[Work to complete] Leaving out the pictures, please retype each record exactly.

[Supplied data]

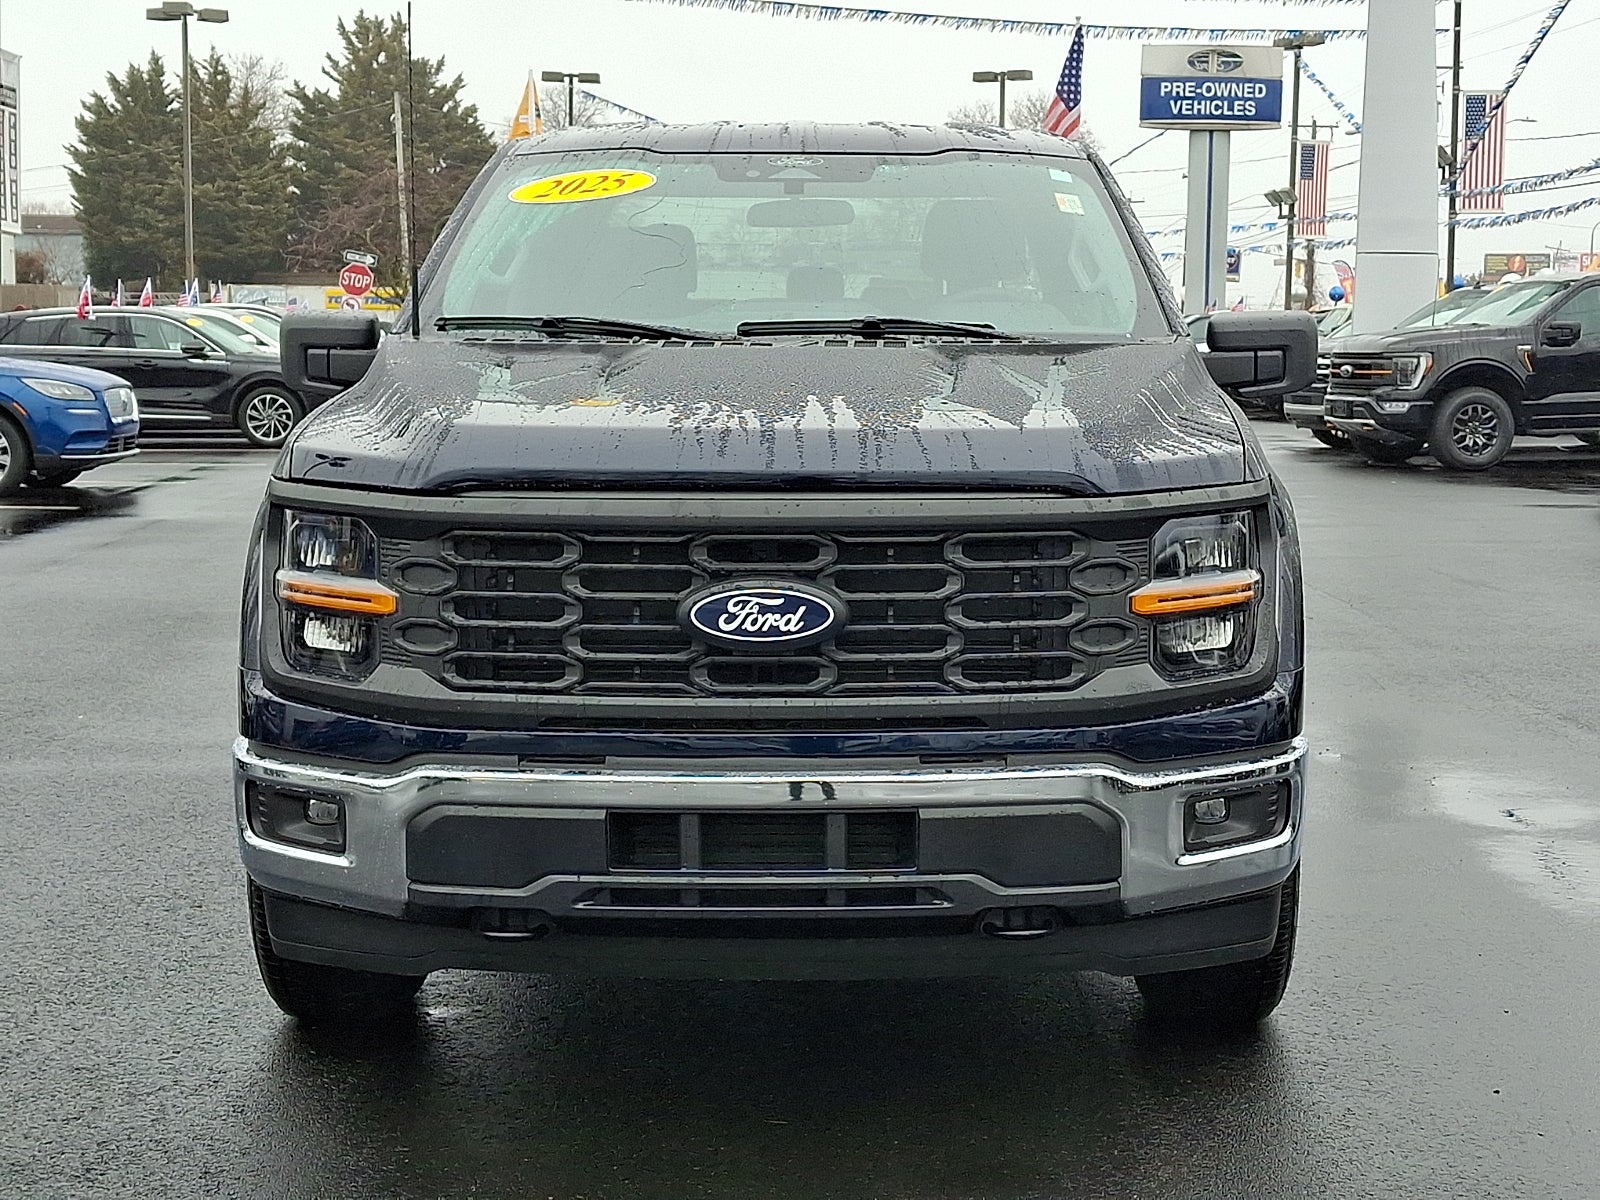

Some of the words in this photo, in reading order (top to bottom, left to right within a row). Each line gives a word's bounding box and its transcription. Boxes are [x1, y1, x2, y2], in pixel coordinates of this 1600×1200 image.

[1160, 82, 1267, 98] PRE-OWNED
[1169, 100, 1256, 115] VEHICLES
[533, 174, 635, 199] 2025
[342, 271, 371, 288] STOP
[718, 596, 807, 632] Ford

[Result of this task]
Some of the words in this photo, in reading order (top to bottom, left to right within a row). Each line gives a word's bounding box and its transcription. Boxes are [x1, y1, x2, y2], in pixel coordinates of this 1600×1200 image.

[1160, 82, 1267, 98] PRE-OWNED
[1169, 100, 1256, 115] VEHICLES
[533, 174, 635, 199] 2025
[342, 271, 371, 288] STOP
[718, 596, 807, 632] Ford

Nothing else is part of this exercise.